ANDREA L. BERENGENO; SILVIA GAZZIN; CRISTINA BELLAROSA; M. CELESTE ROBERT; CLAUDIO TIRIBELLI

Copenhagen

Congreso; 3rd Congress of the European Academy of Paediatric Societies (EAPS); 2010

DOES BILIRUBIN AFFECT THE ABCC1 (MRP1) EXPRESSION IN THE BRAIN PARENCHYMA OF THE GUNN RAT? A. Berengeno, S. Gazzin, C. Bellarosa, M.C. Robert, C. Tiribelli Liver Italian Foundation, Trieste, Italy Background: In infants severe unconjugated hyperbilirubinemia can produce brain bilirubin (UCB) accumulation leading to neurological damage (Kernicterus). ABCc1 (Mrp1), an ABC transporter family with high affinity for UCB protects neural cells from UCB toxicity in vitro. Aim: To compare in vivo Mrp1 protein and gene expression in UCB damaged (cerebellum: Cll, striatum: St) and not damaged (cerebral cortex: Cx, hippocampus: Hip) regions of CNS in normal (JJ) and hyperbilirubinemic (jj) Gunn rats.

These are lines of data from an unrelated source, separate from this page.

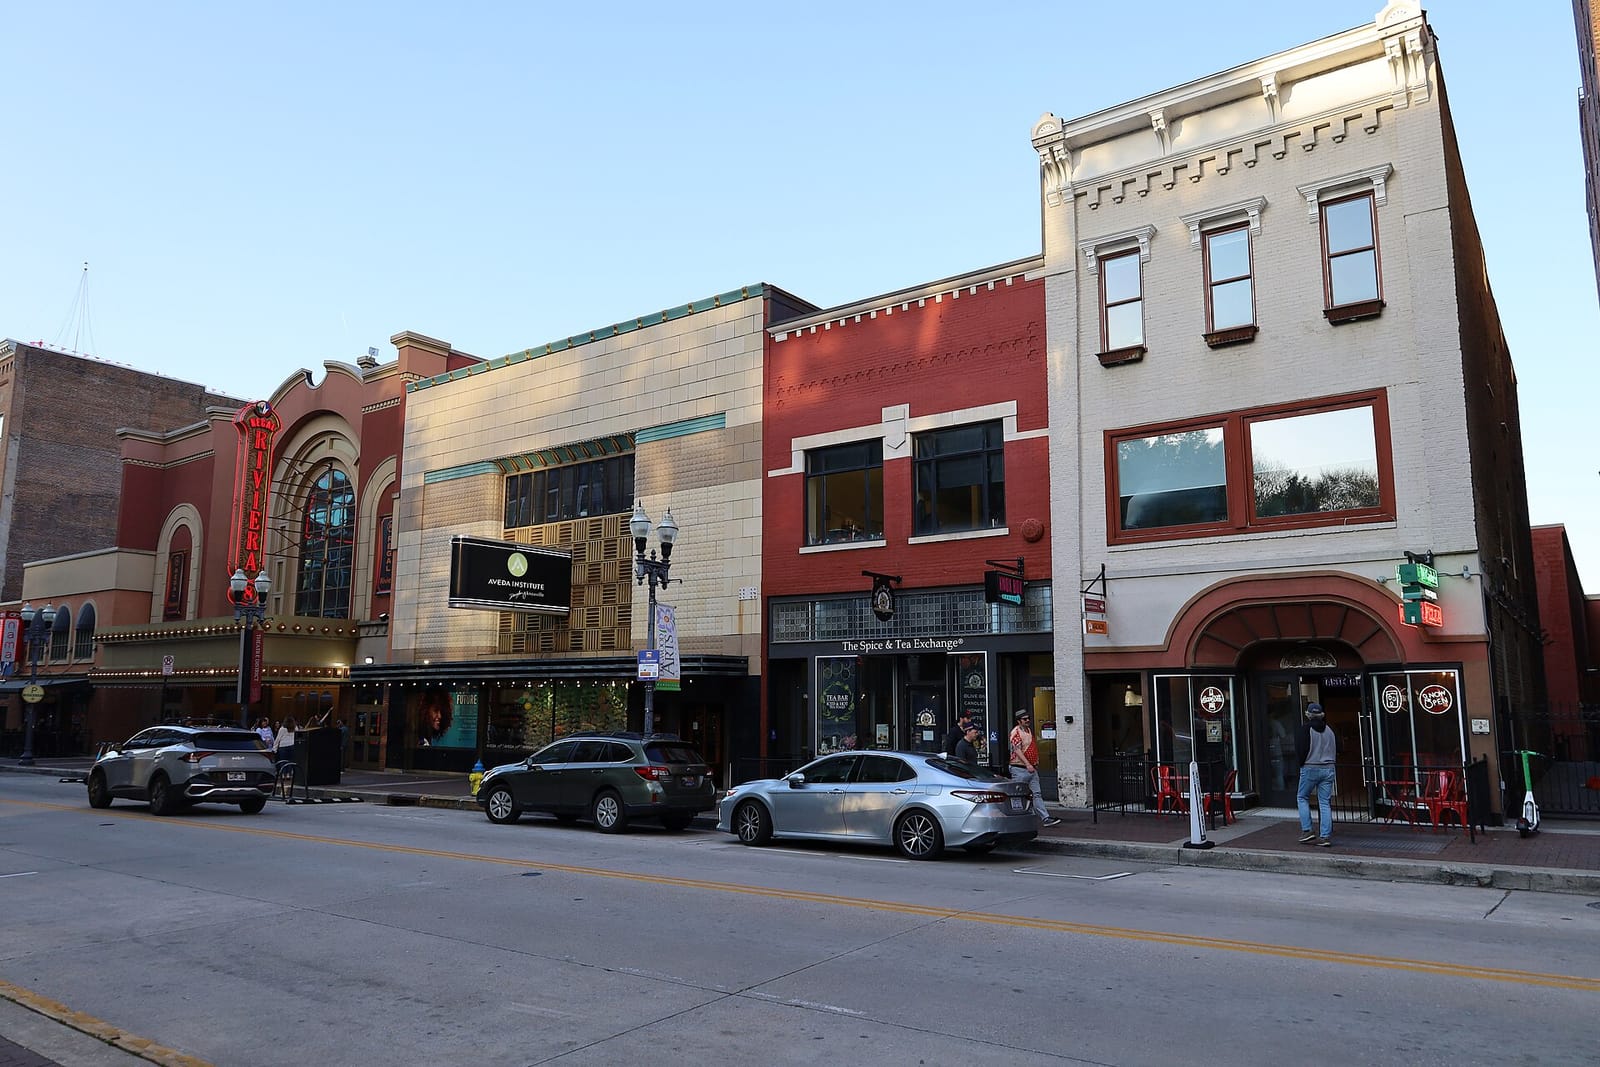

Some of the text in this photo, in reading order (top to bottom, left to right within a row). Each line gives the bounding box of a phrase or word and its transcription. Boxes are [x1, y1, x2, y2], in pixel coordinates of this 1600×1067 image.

[249, 417, 276, 431] REGAL
[245, 430, 267, 572] RIVIERA
[488, 578, 545, 590] AVEDA INSTITUTE
[7, 621, 16, 659] nama
[841, 641, 859, 651] The
[859, 640, 883, 653] Spice
[885, 640, 893, 649] &
[894, 639, 912, 649] Tea
[662, 635, 675, 676] ARTS
[456, 694, 478, 705] FUTURE
[826, 694, 837, 702] TEA
[1428, 690, 1446, 699] NOW
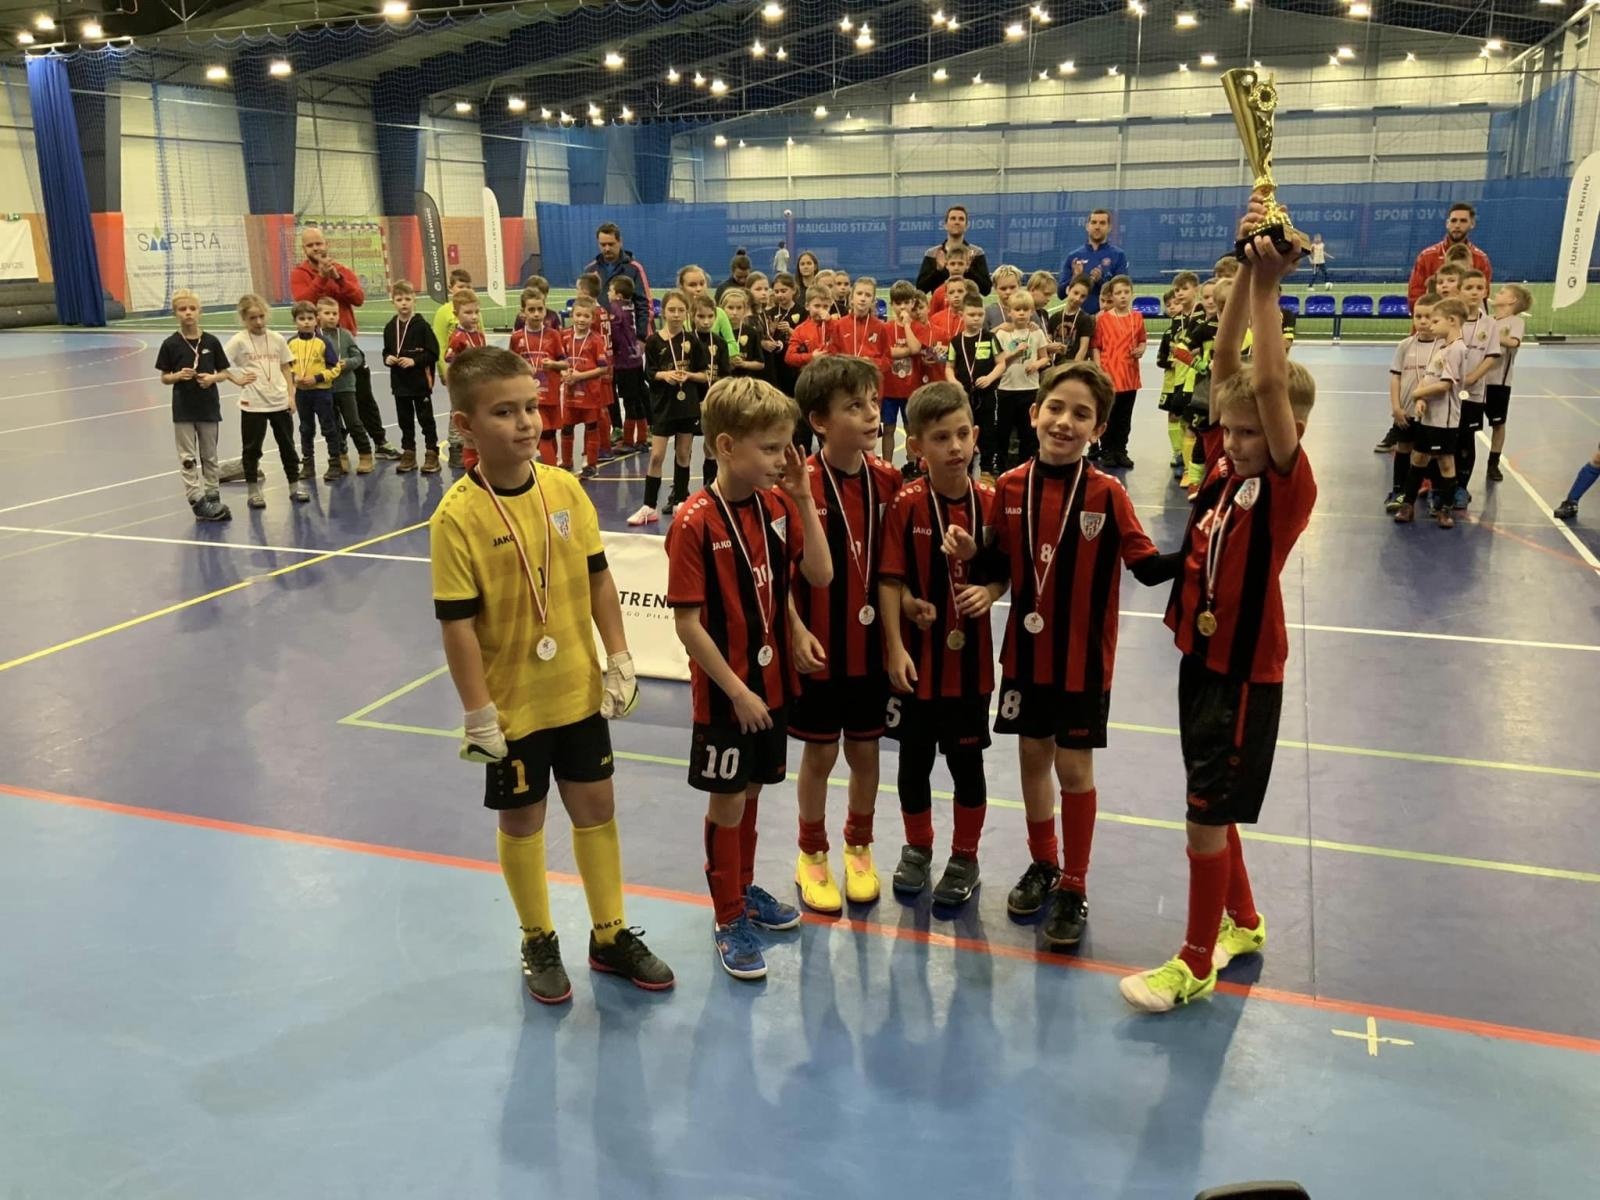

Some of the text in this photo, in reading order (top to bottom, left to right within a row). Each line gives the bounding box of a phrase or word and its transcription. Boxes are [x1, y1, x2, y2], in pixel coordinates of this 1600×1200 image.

[1570, 175, 1591, 266] JUNIOR TRENING
[1005, 507, 1022, 515] JAKO
[913, 527, 932, 536] JAKO
[712, 540, 731, 550] JAKO
[1041, 543, 1052, 562] 8
[619, 590, 671, 609] TREN
[886, 696, 901, 728] 5
[1001, 689, 1022, 720] 8
[701, 745, 740, 780] 10
[511, 759, 530, 794] 1
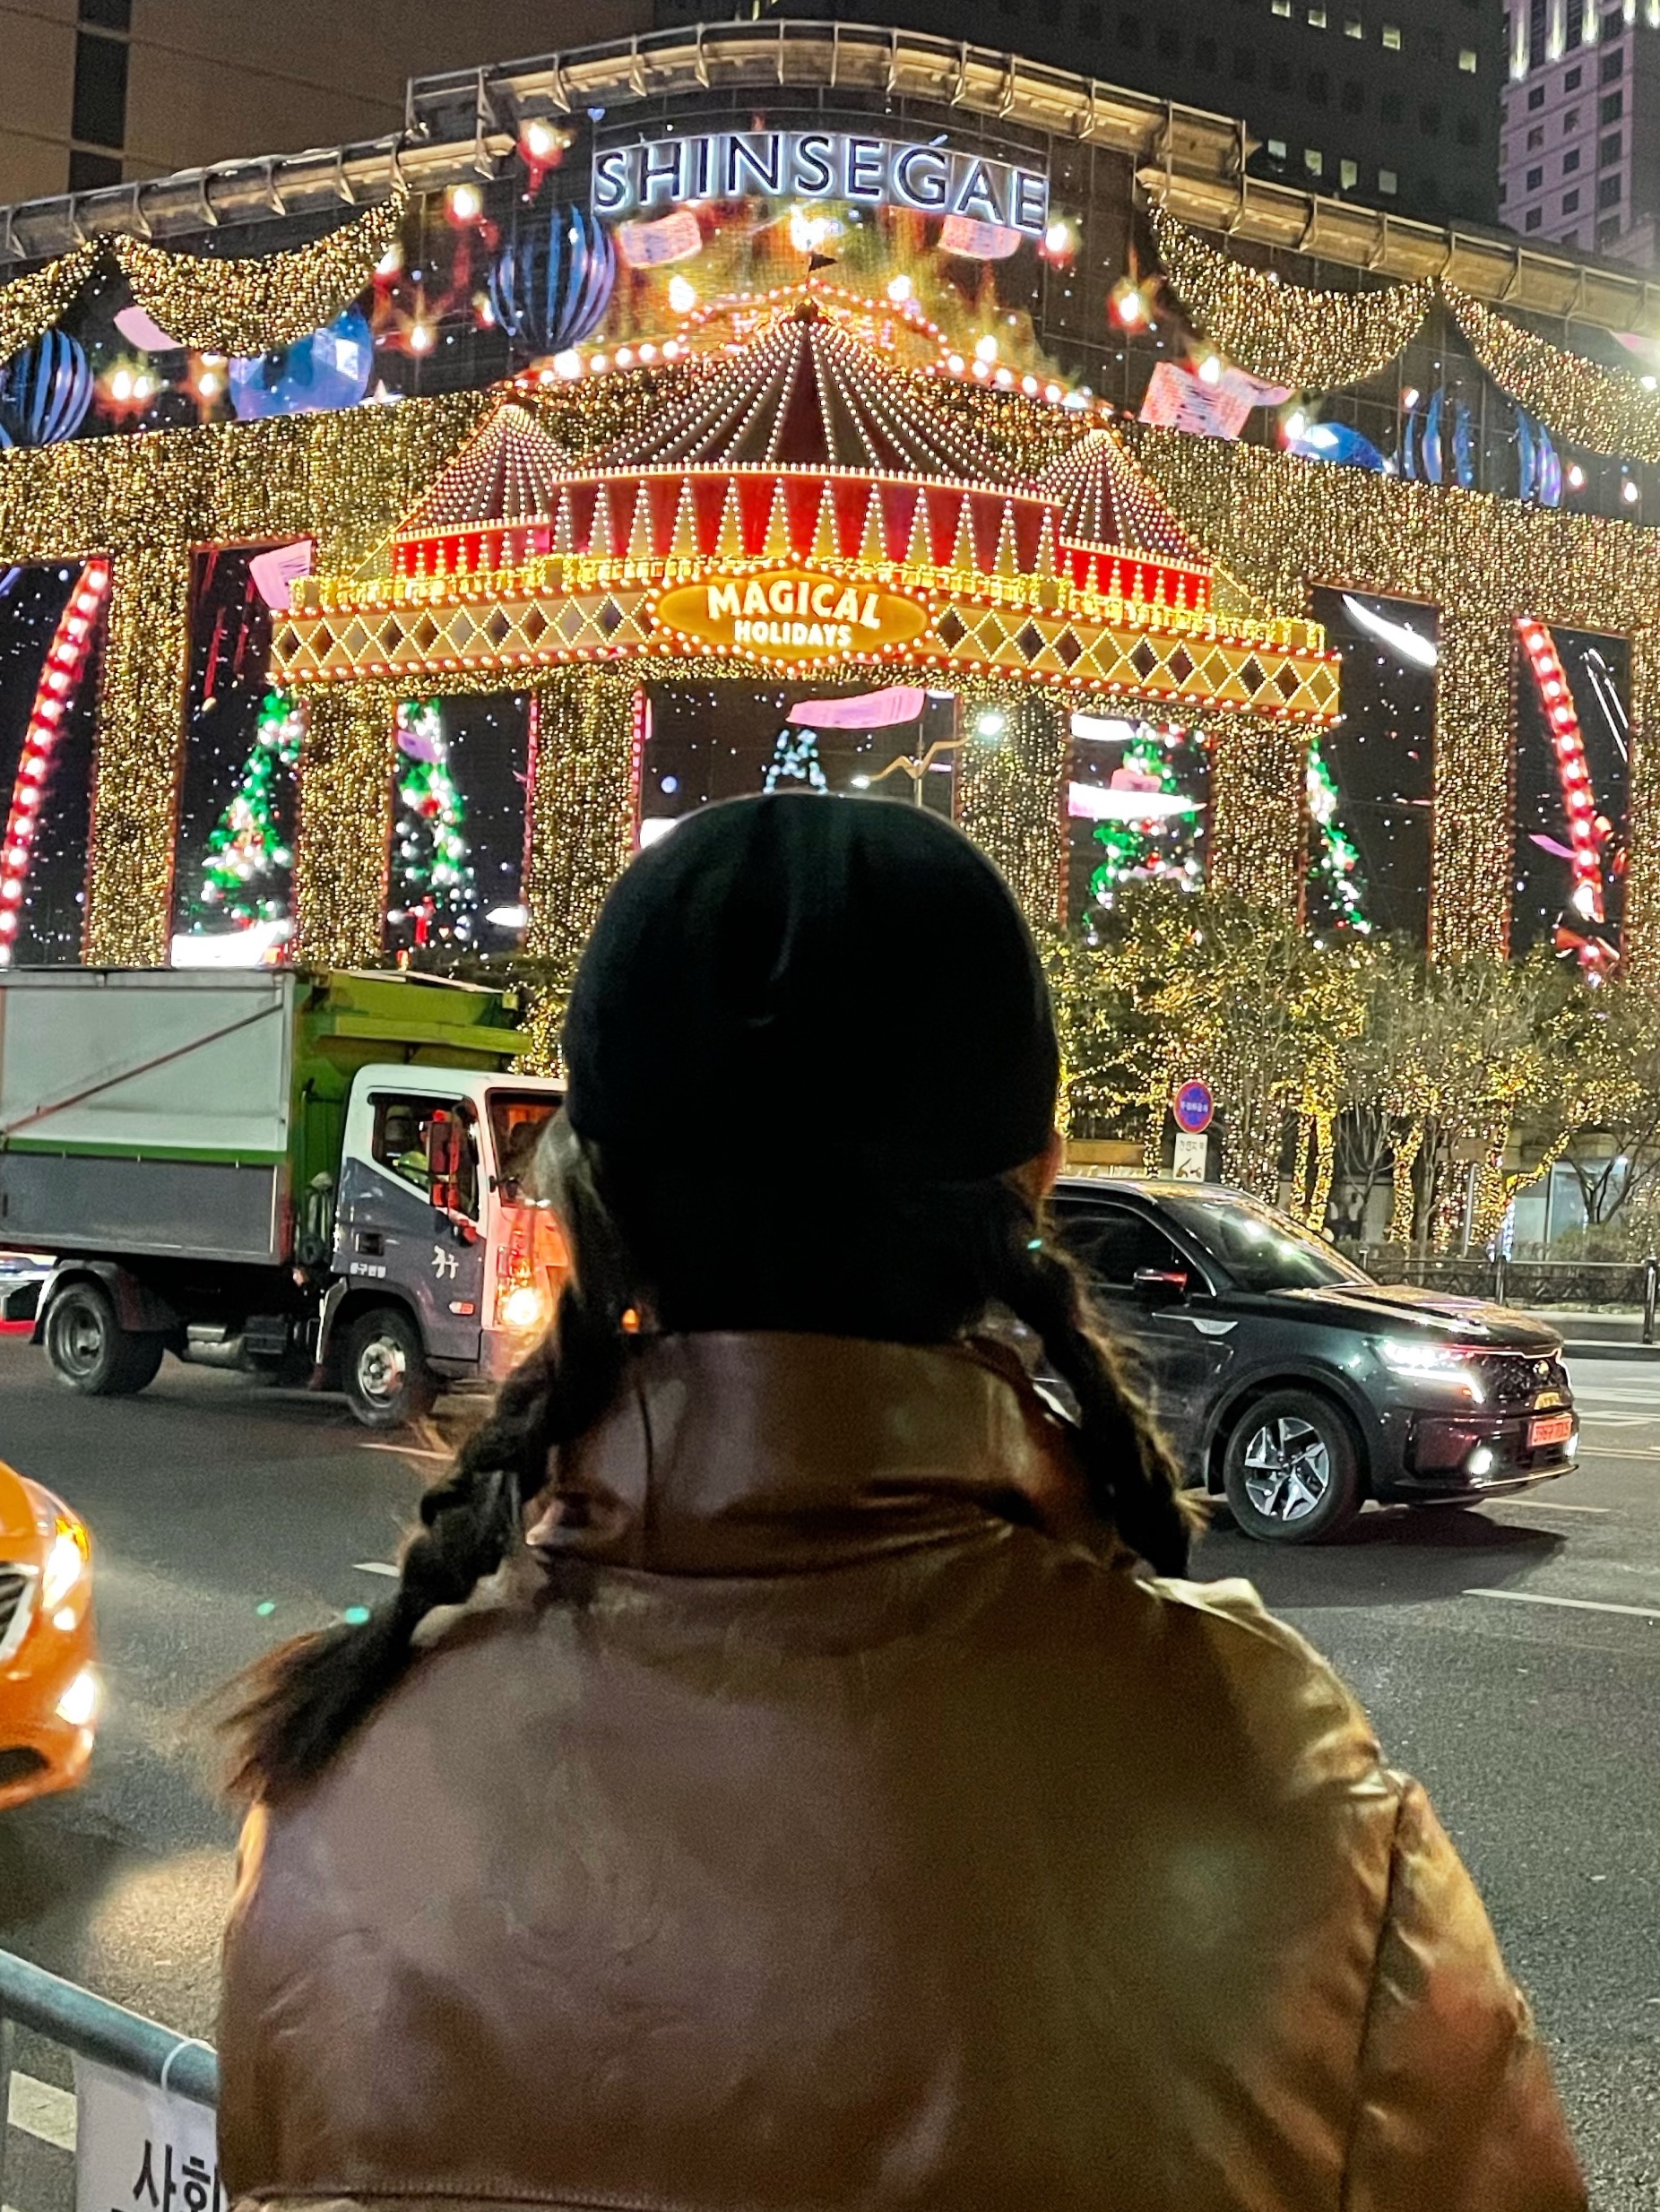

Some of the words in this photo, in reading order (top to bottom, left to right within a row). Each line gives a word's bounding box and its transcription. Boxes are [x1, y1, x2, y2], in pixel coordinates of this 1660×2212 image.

Methods: Quantitative Western blot and RT-qPCR were performed in Cll, St, Cx and Hip of JJ and jj rats 9 days after birth. Results: In JJ animals, Mrp1 protein was similar in Cll, St and Hip; in Cx the expression was lower (p< .05). No difference was found in Mrp1 protein level in Cll and St in jj respect to JJ animals while a decrease (p< .05) was observed in the Hip. On the contrary, a significant increase (p < .05) of Mrp1 protein expression was detected in Cx of jj animals. At mRNA level, similar values were obtained in all tissues dissected from either JJ or jj animals with the exception of a decrease (p< .05) in Hip. Conclusions: The lack of correlation between Mrp1 (protein and mRNA level) and UCB-related neurological damage suggests that in vivo this transporter is not a major player in UCB-induced neurological damage.